Title

Understanding Occupational Potential and its Socio-political, Theoretical, and Practical Implications

Presenter Information

Alison Wicks

Start Time

16-10-2002 12:00 AM

End Time

18-10-2002 12:00 AM

Abstract

This paper presents the synthesised findings of a qualitative study that explored the concept of occupational potential, the capacity to do. Occupational potential is a fundamental yet relatively nascent concept in the theoretical construction of the human as an occupational being. The findings that emerged from the study, which interpreted life stories of older women from an occupational perspective, illuminate some generic features of occupational potential. Additional findings include some of the influences that apparently affect the development and realisation of occupational potential across the life course. The gendered nature of occupational potential, which became apparent when a feminist perspective was applied to the data, is presented as a specific finding. As is characteristic of qualitative research, particularly research conducted within an interpretive paradigm, the findings presented are tentative and not intended as an attempt to develop a universal theory of occupational potential. Rather, the findings remain grounded in the narrative of the participants of the study. The paper also discusses the implications of the findings, as they relate to a variety of issues across a range of sectors. Some of the implications concern: policy issues in the social, education and health sectors; theoretical and research issues in occupational science, occupational therapy and feminism; and practice issues in occupational therapy.

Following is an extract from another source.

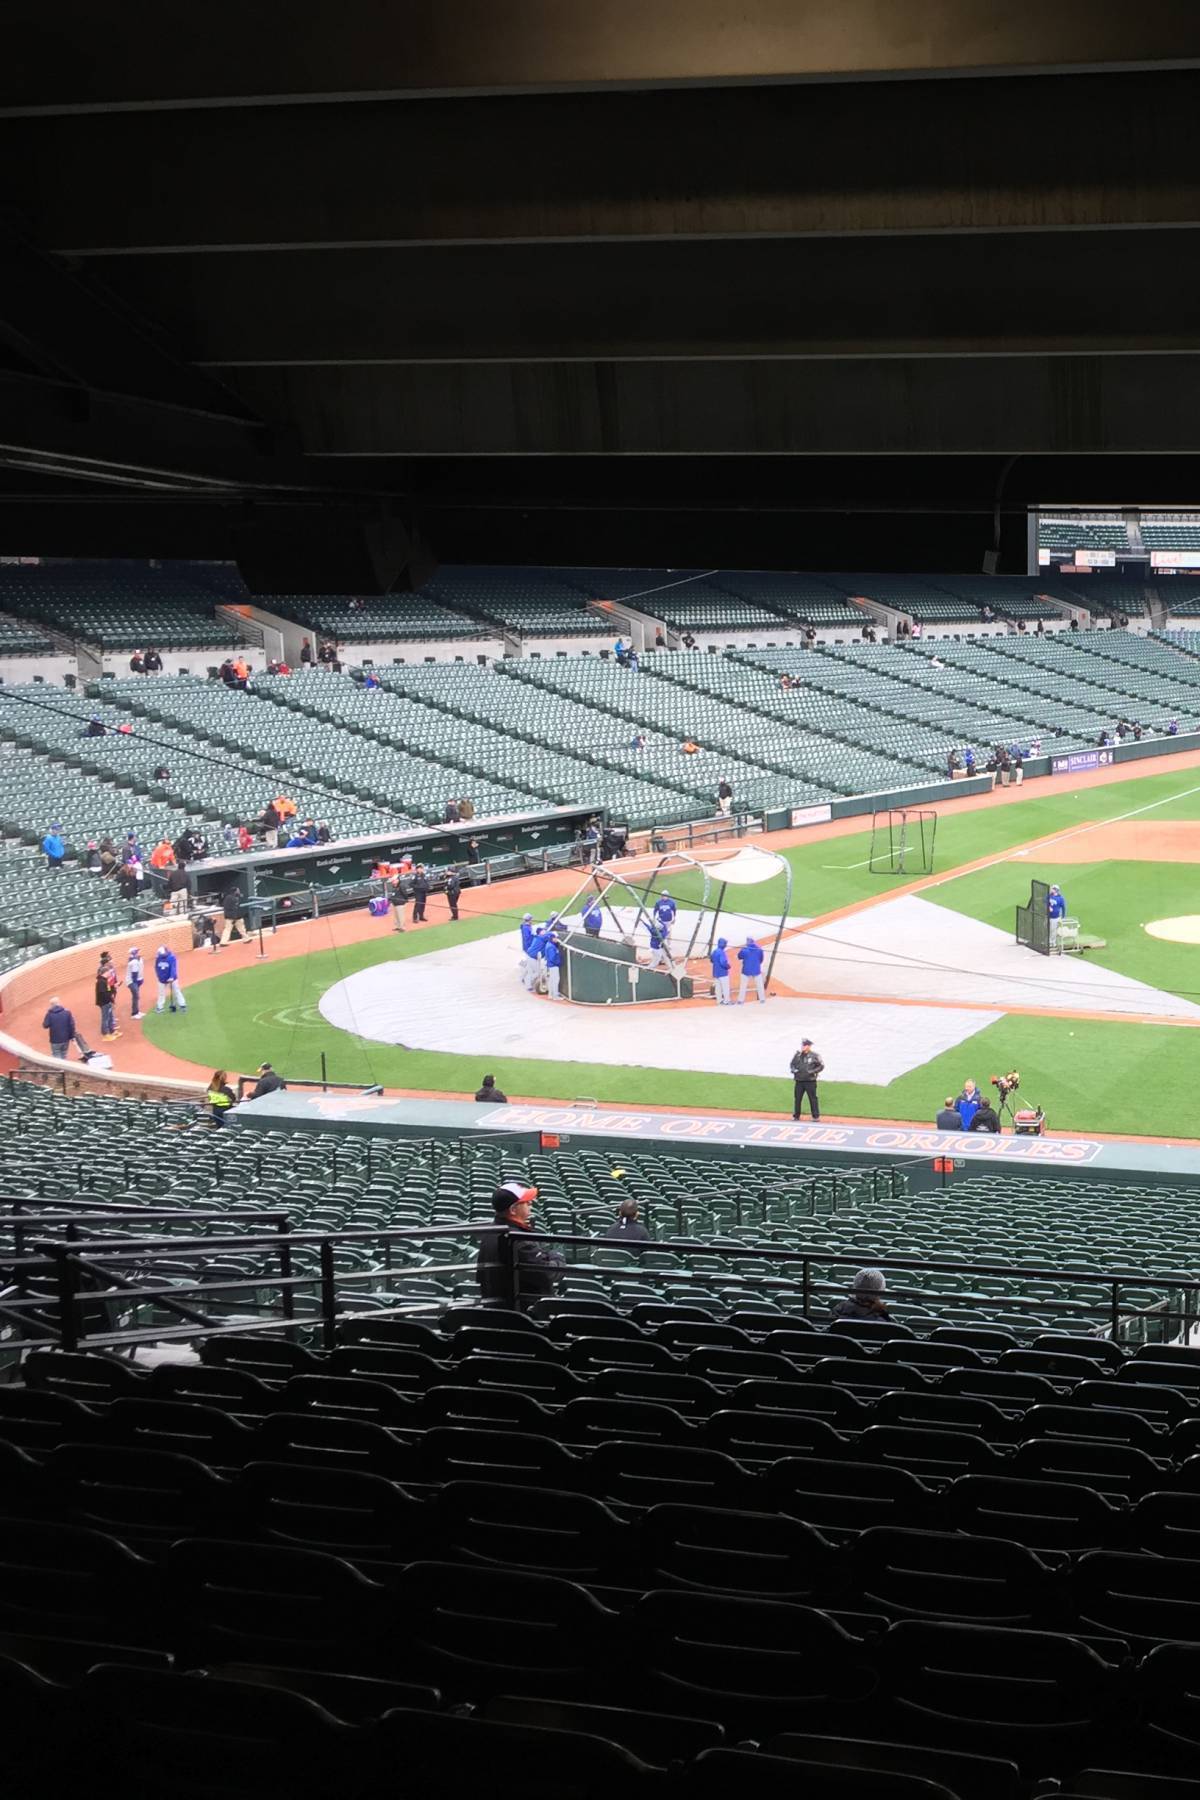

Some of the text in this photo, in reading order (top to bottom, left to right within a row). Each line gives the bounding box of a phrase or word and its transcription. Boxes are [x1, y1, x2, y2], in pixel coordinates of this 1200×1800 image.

[1070, 753, 1097, 765] SINCLAIR
[492, 1109, 1093, 1161] HOME OF THE ORIOLES

The primary purpose of the paper is to emphasise the significance of the concept of occupational potential in the study of human occupation. The secondary purpose is to reveal how being a woman apparently shapes the development of occupational potential at each stage of the life course, as biological and social determinants of gender interact. Ideally, the outcome of the paper will be enhanced understanding of occupational potential and its gendered nature. Such an understanding is essential for advocating the development and implementation of social policies that create and sustain occupationally just societies in which all people have opportunities and resources to participate in meaningful occupation so that they can realise their occupational potential.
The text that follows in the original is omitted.